Segment Start: Data listing

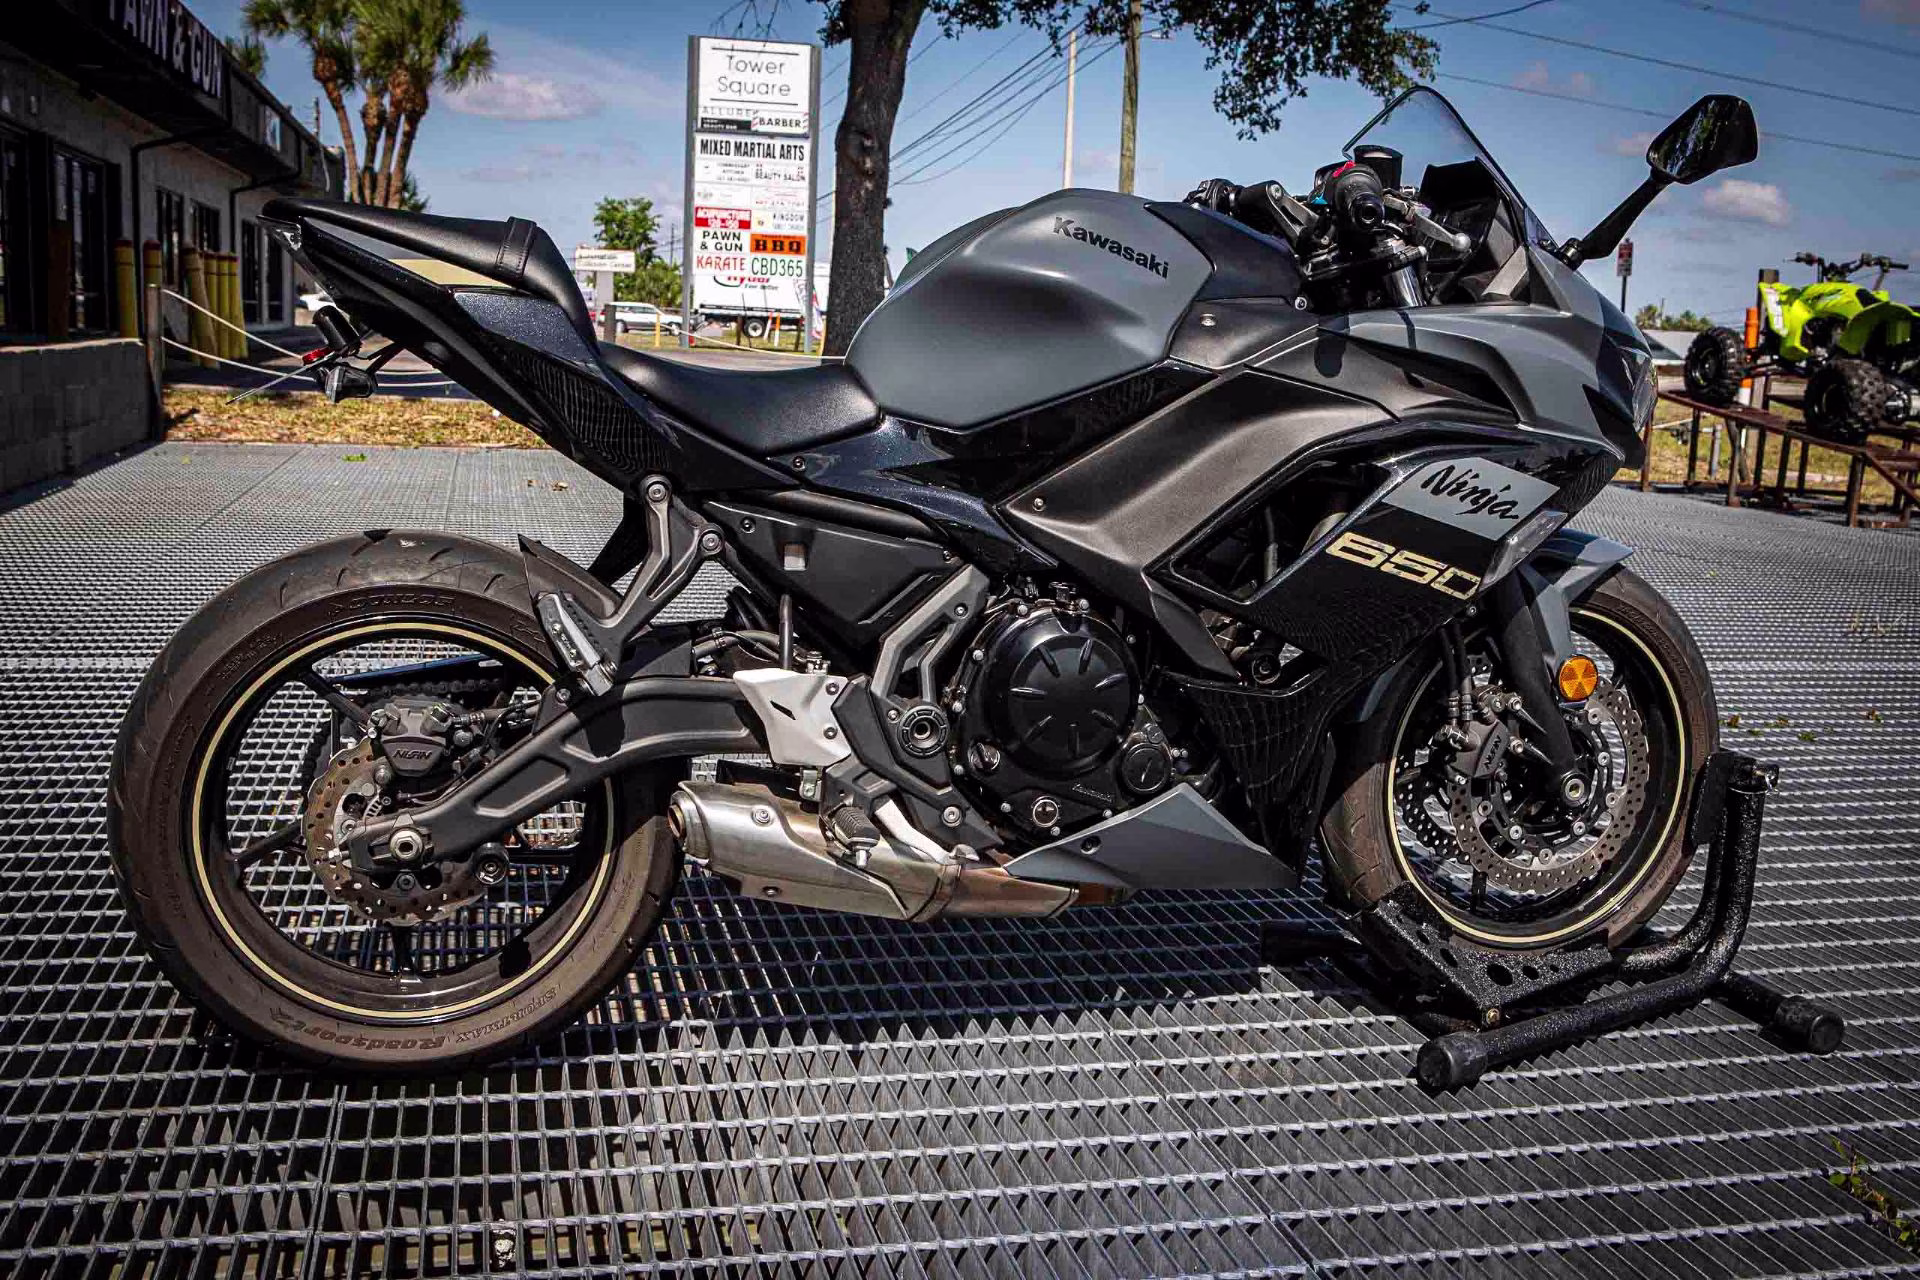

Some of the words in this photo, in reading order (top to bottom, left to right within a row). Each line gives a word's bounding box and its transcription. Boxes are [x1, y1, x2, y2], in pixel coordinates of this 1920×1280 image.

[109, 0, 168, 61] AWN
[191, 22, 223, 98] GUN
[726, 54, 785, 75] Tower
[717, 75, 791, 97] Square
[759, 117, 801, 128] BARBER
[700, 138, 731, 156] MIXED
[734, 140, 776, 160] MARTIAL
[779, 143, 805, 161] ARTS
[755, 171, 781, 181] BEAUTY
[783, 172, 806, 182] SALON
[702, 230, 741, 241] PAWN
[700, 241, 708, 250] &
[714, 242, 743, 252] GUN
[754, 239, 802, 254] BBQ
[1052, 216, 1169, 279] Kawasaki
[696, 255, 747, 271] KARATE
[751, 257, 803, 278] CBD365
[1420, 464, 1519, 520] Ninja
[1325, 532, 1482, 601] 650
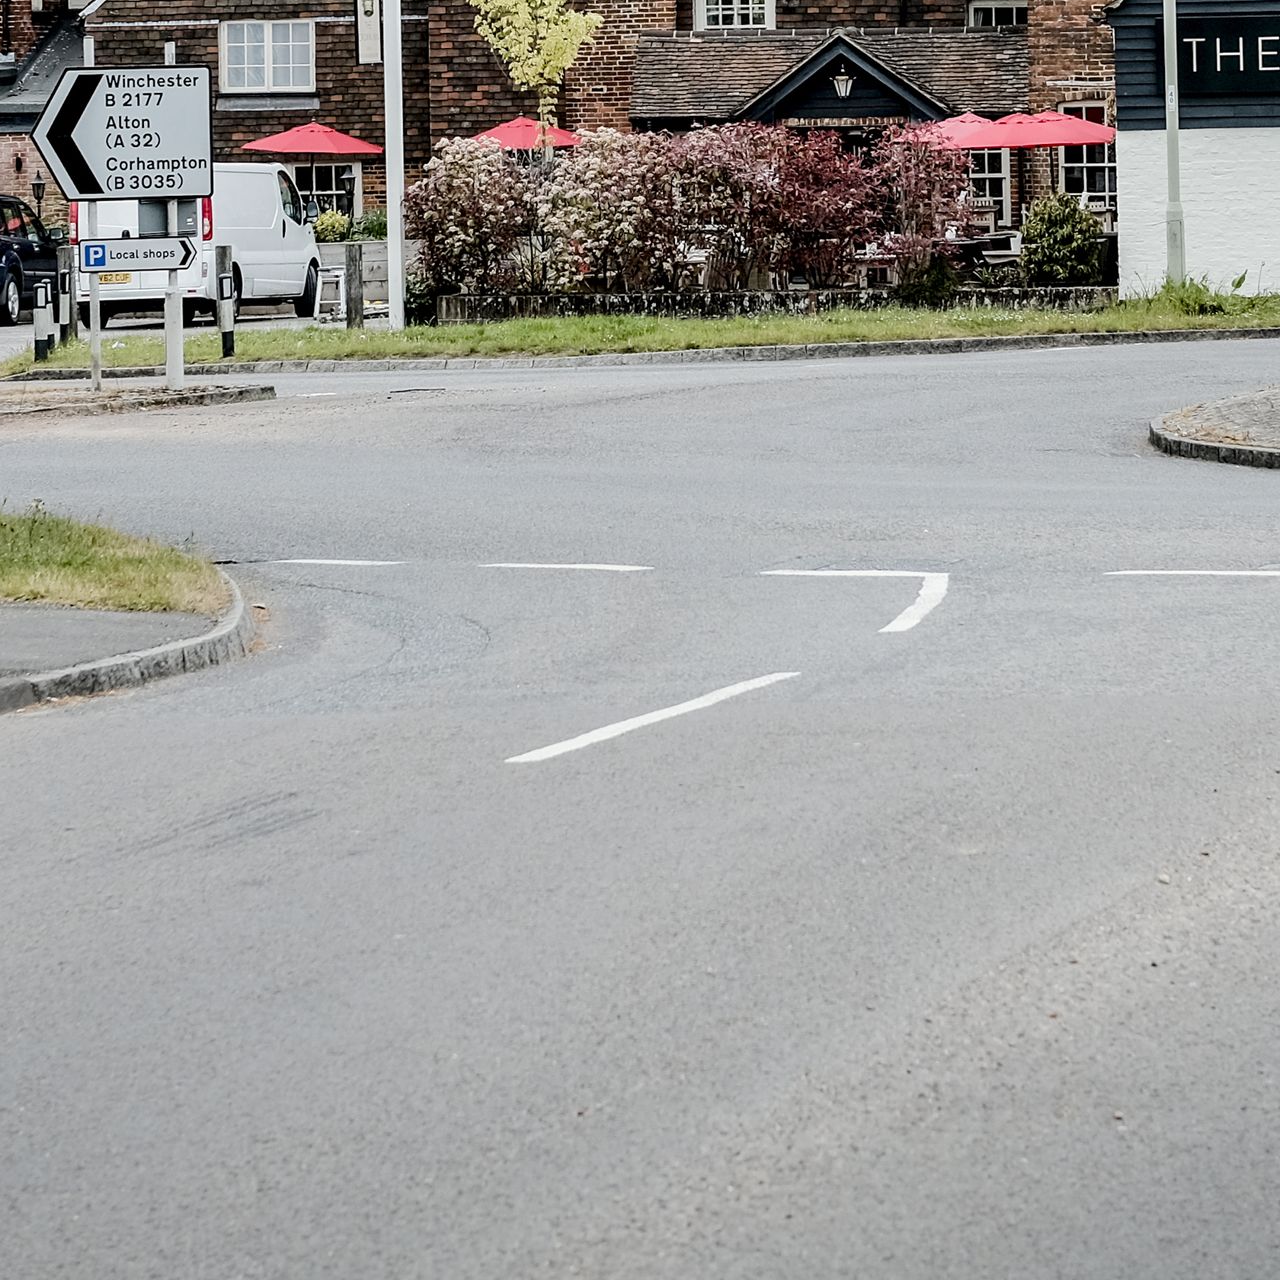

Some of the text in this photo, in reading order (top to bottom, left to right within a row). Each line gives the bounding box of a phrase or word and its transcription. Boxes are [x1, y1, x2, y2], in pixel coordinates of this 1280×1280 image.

[1183, 36, 1280, 73] THE
[106, 74, 199, 88] Winchester
[106, 93, 163, 107] B 2177
[106, 116, 150, 129] Alton
[106, 132, 161, 149] (A 32)
[106, 156, 207, 172] Corhampton
[106, 173, 183, 191] (B 3035)
[89, 247, 175, 264] P Local shops
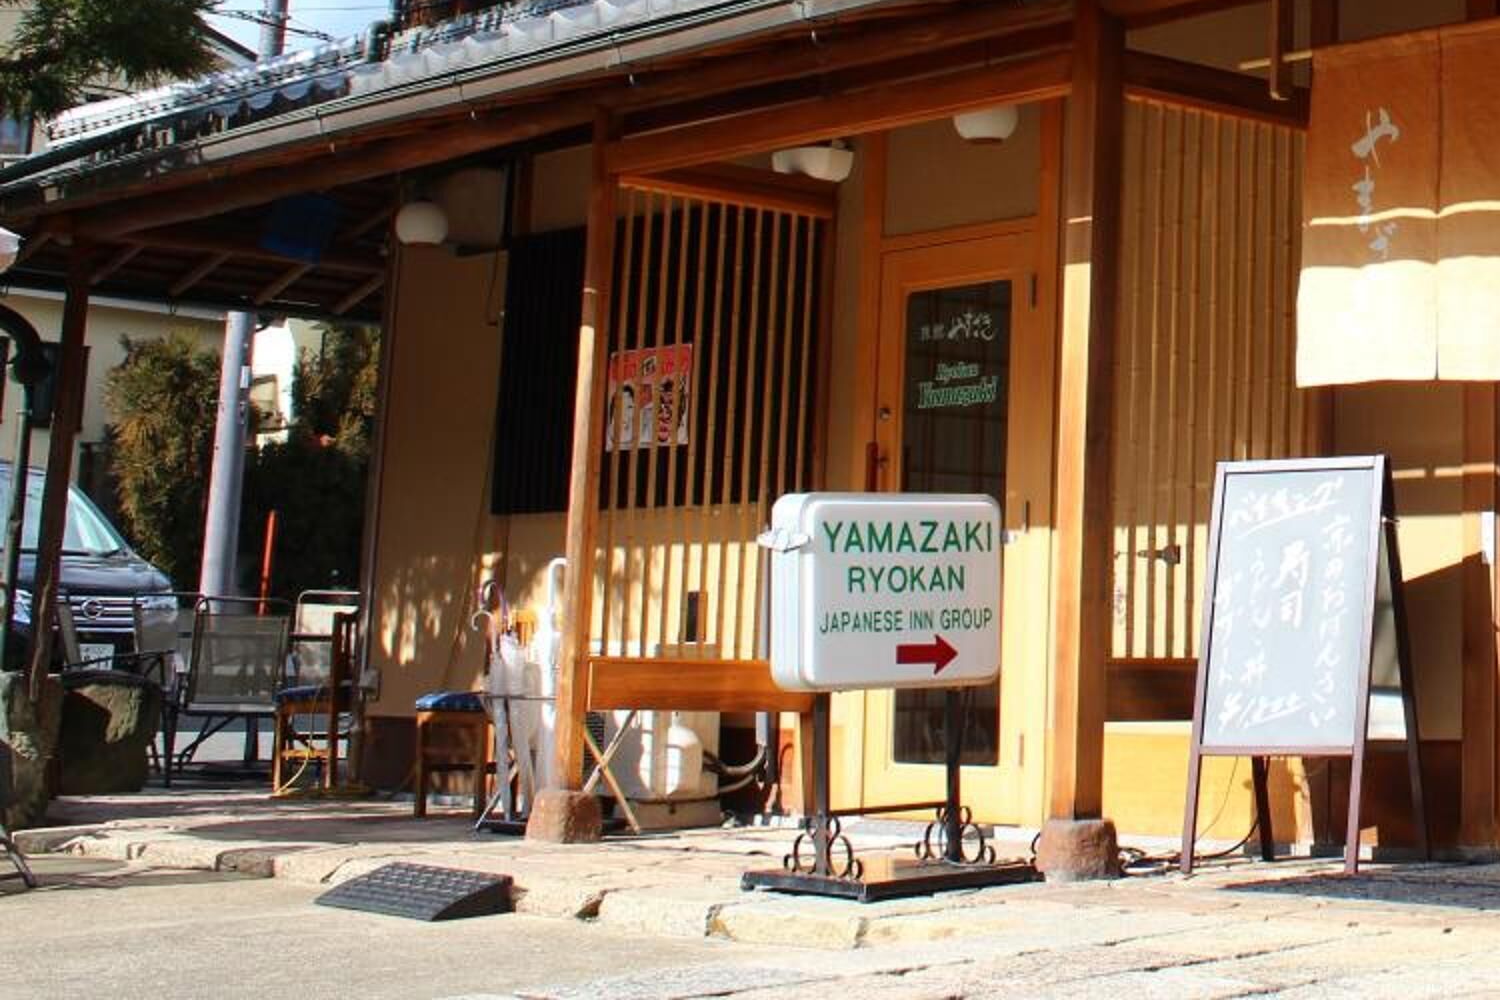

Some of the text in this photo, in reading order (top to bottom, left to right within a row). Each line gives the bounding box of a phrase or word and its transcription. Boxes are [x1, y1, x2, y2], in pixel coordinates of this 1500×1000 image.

[823, 520, 993, 553] YAMAZAKI
[847, 565, 965, 593] RYOKAN
[819, 607, 993, 634] JAPANESE INN GROUP
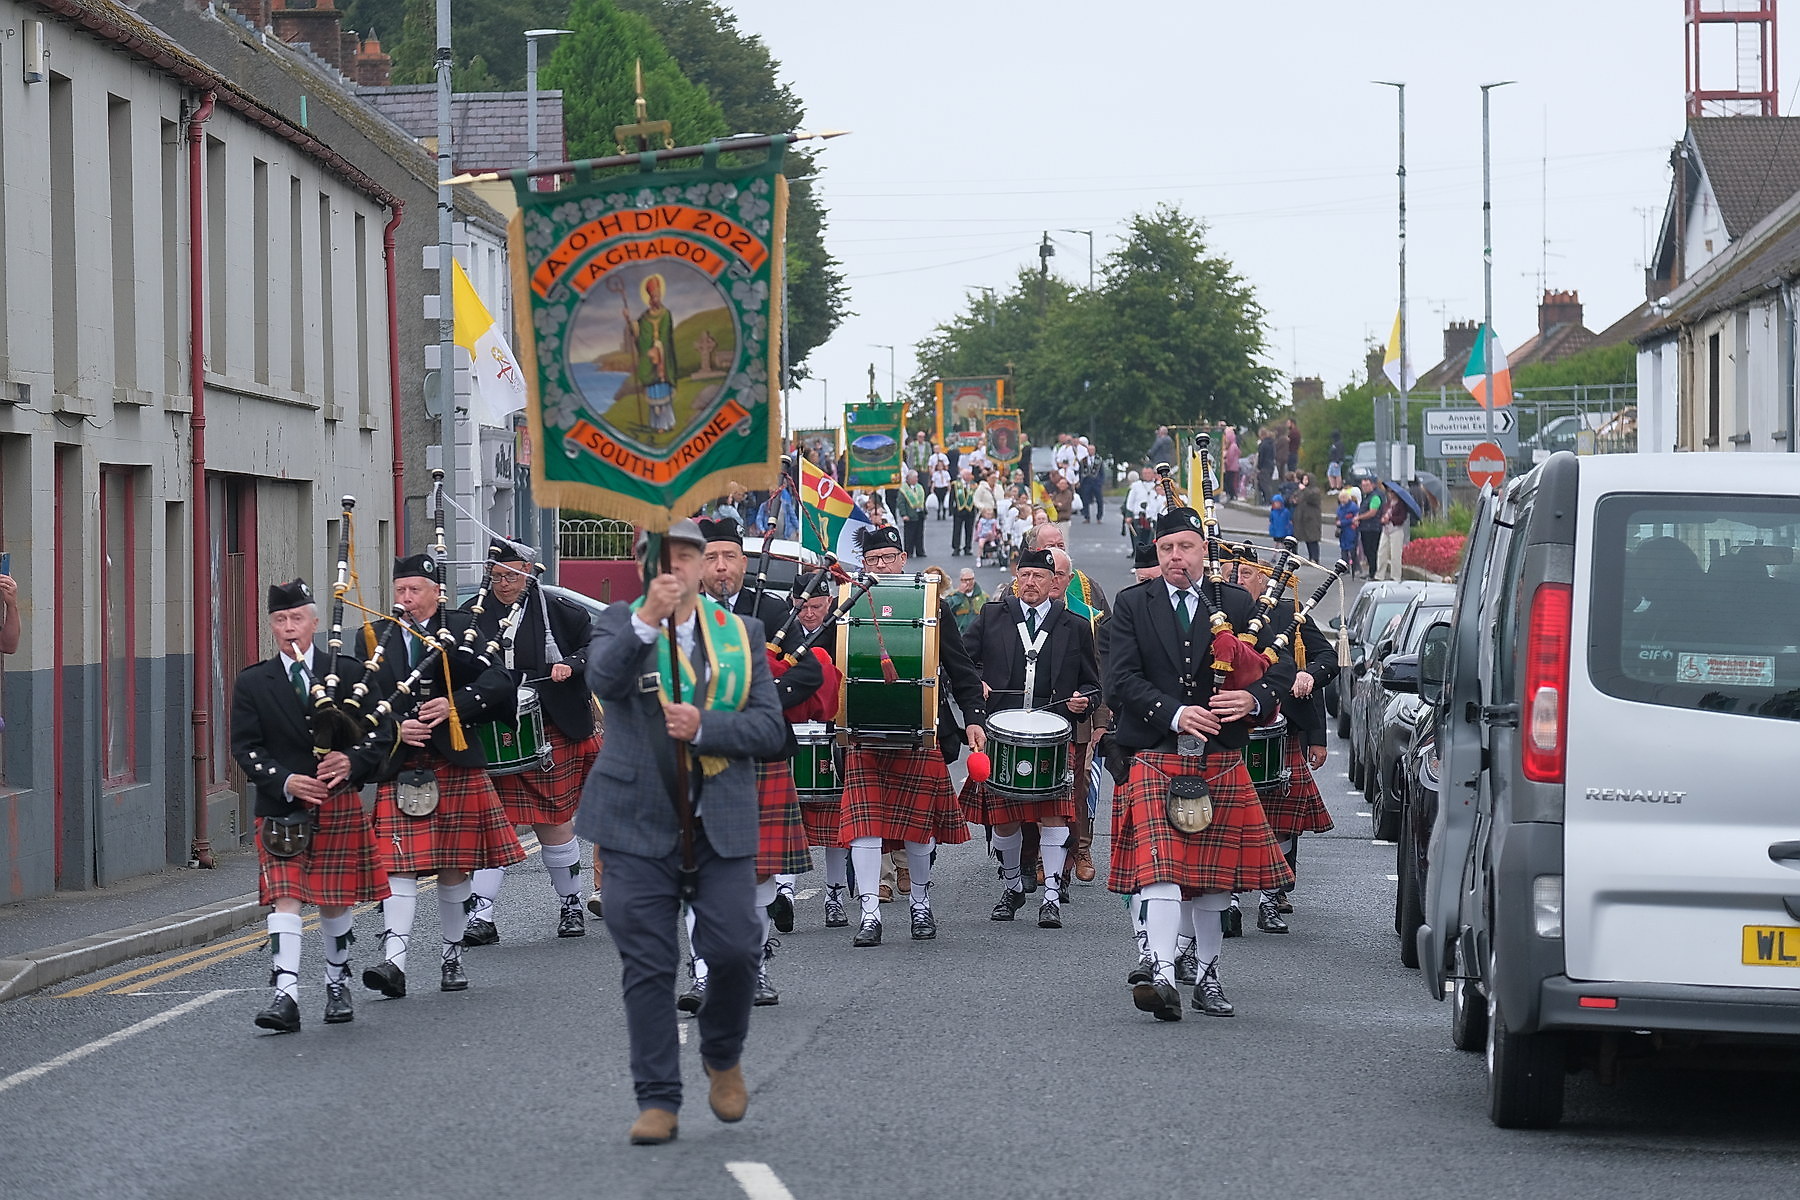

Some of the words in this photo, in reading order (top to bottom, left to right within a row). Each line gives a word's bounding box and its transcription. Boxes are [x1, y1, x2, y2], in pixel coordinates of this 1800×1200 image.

Segment End: Data listing

→ Your objective: Your answer must be an exact copy of the lines above, from the line that contains "this 1500×1000 image." through the final line, with no pictures in it.

→ Response to the task:
Some of the text in this photo, in reading order (top to bottom, left to right within a row). Each line gives the bounding box of a phrase or word and its transcription. Boxes are [x1, y1, x2, y2], in pixel coordinates of this 1500×1000 image.

[823, 520, 993, 553] YAMAZAKI
[847, 565, 965, 593] RYOKAN
[819, 607, 993, 634] JAPANESE INN GROUP

Some of the words in this photo, in reading order (top to bottom, left to right within a row). Each line gives a word's bounding box and its transcription. Boxes are [x1, y1, x2, y2], in pixel coordinates of this 1800×1200 image.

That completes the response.